TASK OBJECTIVE: The whole listing, except its pictures, is to be repeated exactly.

++++++

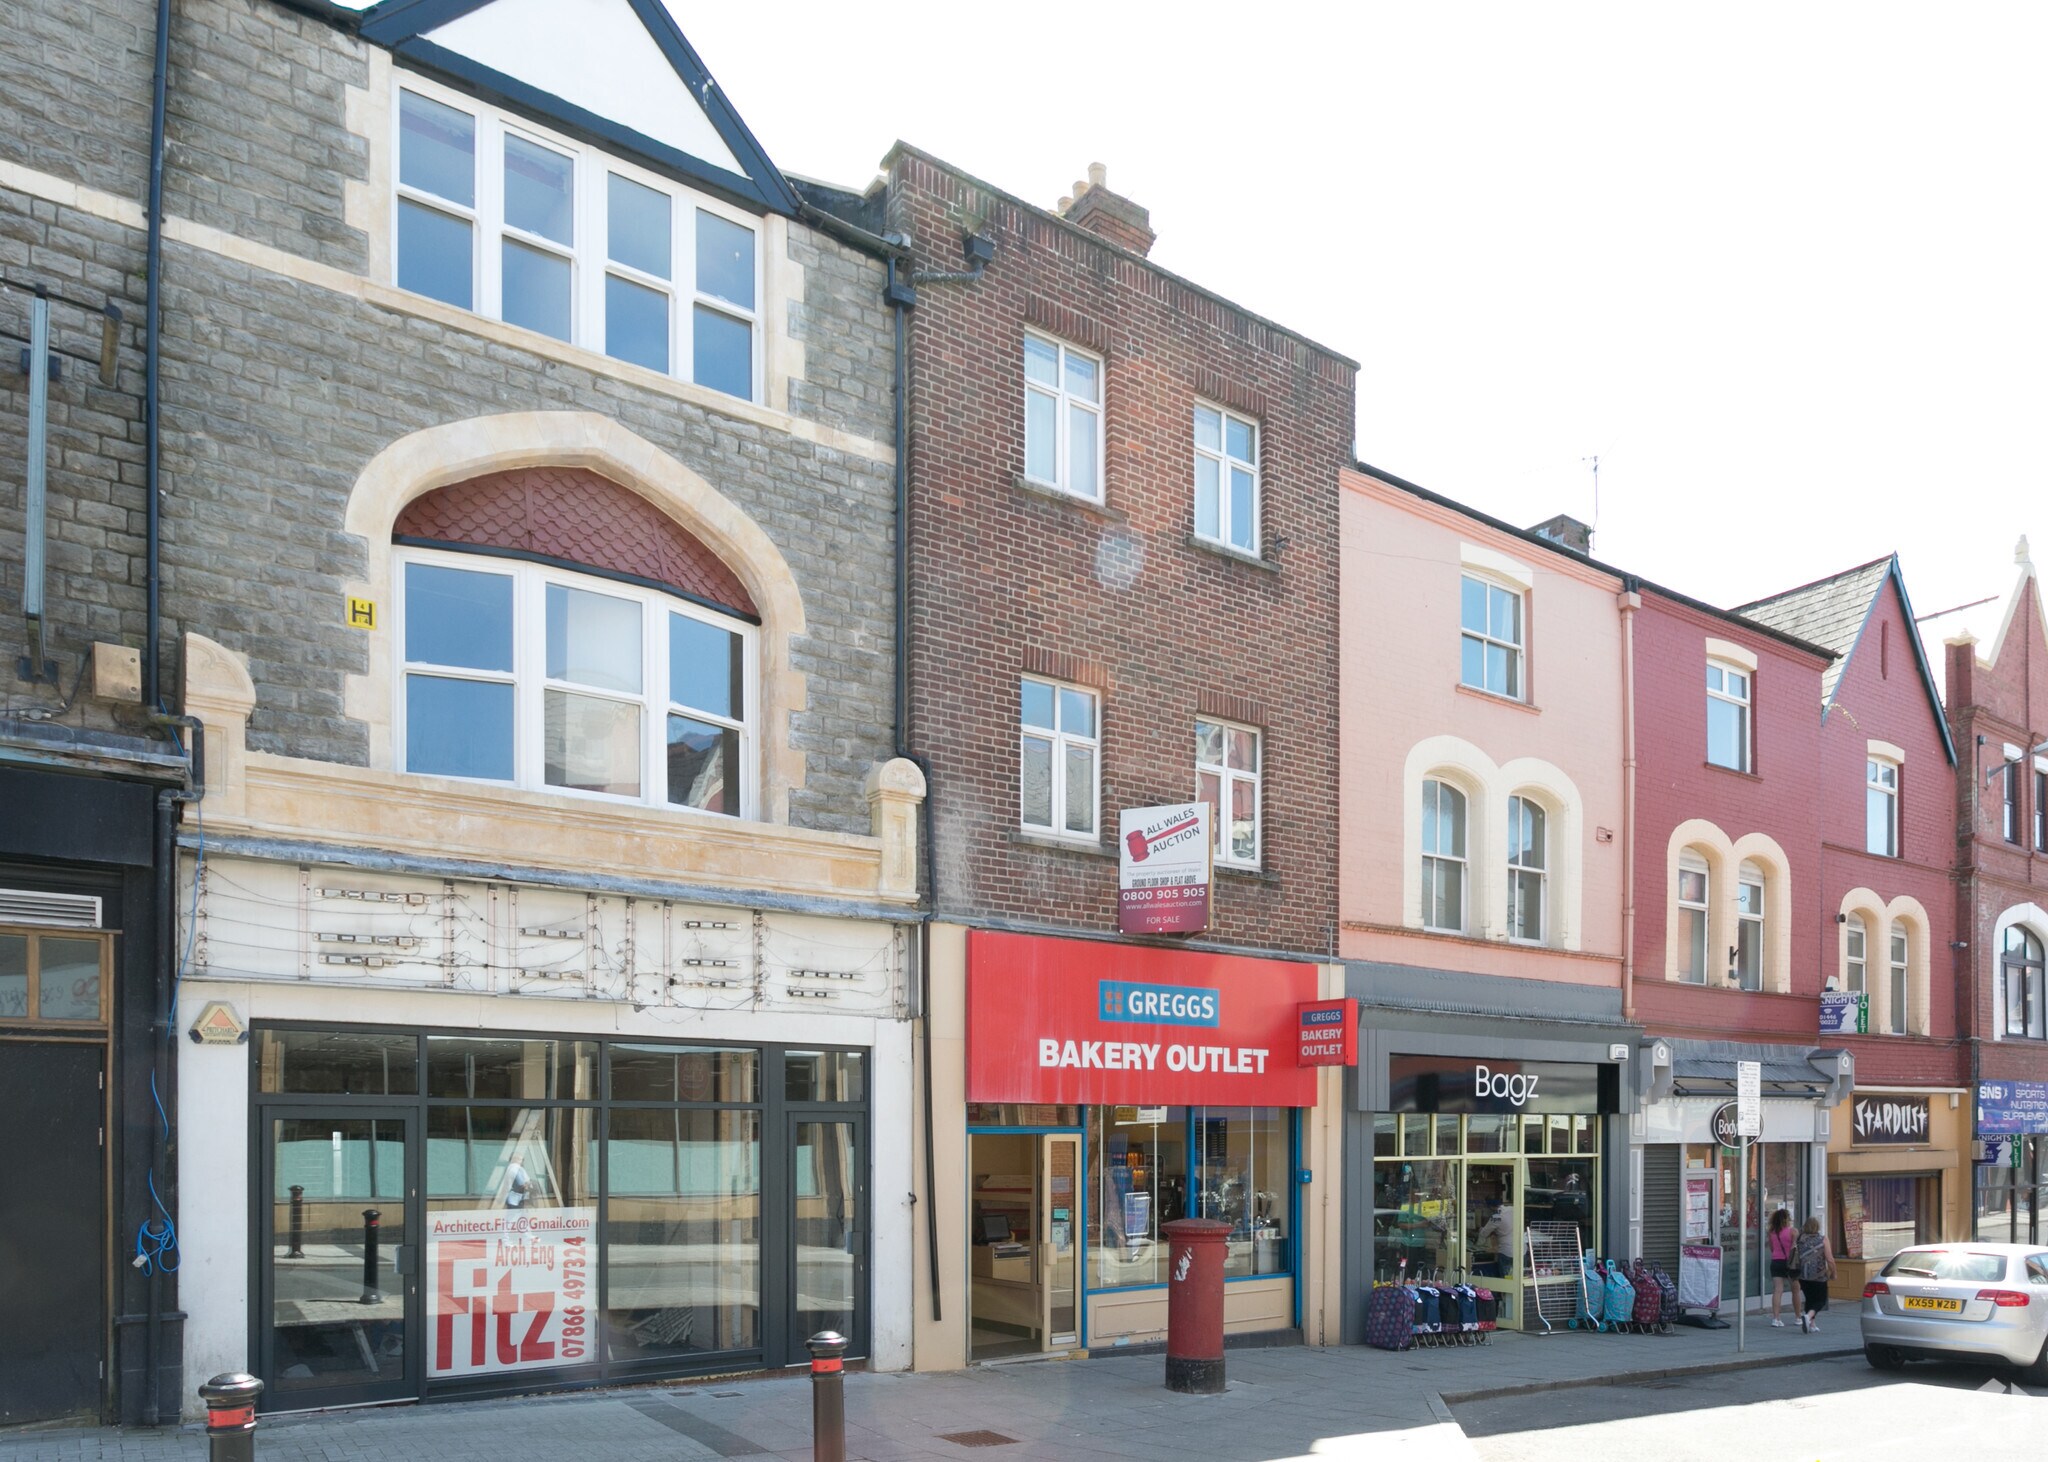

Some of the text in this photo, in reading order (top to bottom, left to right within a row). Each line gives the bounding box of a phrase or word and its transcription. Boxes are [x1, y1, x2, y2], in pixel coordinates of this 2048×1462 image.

[1147, 808, 1195, 836] ALL WALES
[1153, 826, 1201, 854] AUCTION
[1136, 870, 1156, 878] property
[1132, 878, 1147, 888] GROUND
[1148, 877, 1159, 887] FLOOR
[1160, 876, 1170, 886] SHOP
[1174, 876, 1184, 885] FLAT
[1184, 875, 1197, 885] ABOVE
[1122, 887, 1206, 902] 0800 905 905
[1125, 900, 1203, 910] www.allwalesauction.com
[1146, 915, 1180, 924] FOR SALE
[1128, 991, 1214, 1019] GREGGS
[1311, 1011, 1341, 1022] GREGGS
[1301, 1028, 1343, 1041] BAKERY
[1039, 1039, 1269, 1074] BAKERY OUTLET
[1302, 1043, 1343, 1056] OUTLET
[1475, 1065, 1539, 1106] Bagz
[1979, 1086, 2002, 1100] SNS
[2015, 1089, 2046, 1099] SPORTS
[1718, 1119, 1738, 1138] Body
[433, 1216, 590, 1234] Architect.Fitz@Gmail.com
[562, 1236, 587, 1358] 07866 497324
[1908, 1297, 1957, 1310] KX59 WZB
[436, 1239, 556, 1371] Fitz

++++++

YOUR SOLUTION:
Some of the text in this photo, in reading order (top to bottom, left to right within a row). Each line gives the bounding box of a phrase or word and its transcription. Boxes are [x1, y1, x2, y2], in pixel coordinates of this 2048×1462 image.

[1147, 808, 1195, 836] ALL WALES
[1153, 826, 1201, 854] AUCTION
[1136, 870, 1156, 878] property
[1132, 878, 1147, 888] GROUND
[1148, 877, 1159, 887] FLOOR
[1160, 876, 1170, 886] SHOP
[1174, 876, 1184, 885] FLAT
[1184, 875, 1197, 885] ABOVE
[1122, 887, 1206, 902] 0800 905 905
[1125, 900, 1203, 910] www.allwalesauction.com
[1146, 915, 1180, 924] FOR SALE
[1128, 991, 1214, 1019] GREGGS
[1311, 1011, 1341, 1022] GREGGS
[1301, 1028, 1343, 1041] BAKERY
[1039, 1039, 1269, 1074] BAKERY OUTLET
[1302, 1043, 1343, 1056] OUTLET
[1475, 1065, 1539, 1106] Bagz
[1979, 1086, 2002, 1100] SNS
[2015, 1089, 2046, 1099] SPORTS
[1718, 1119, 1738, 1138] Body
[433, 1216, 590, 1234] Architect.Fitz@Gmail.com
[562, 1236, 587, 1358] 07866 497324
[1908, 1297, 1957, 1310] KX59 WZB
[436, 1239, 556, 1371] Fitz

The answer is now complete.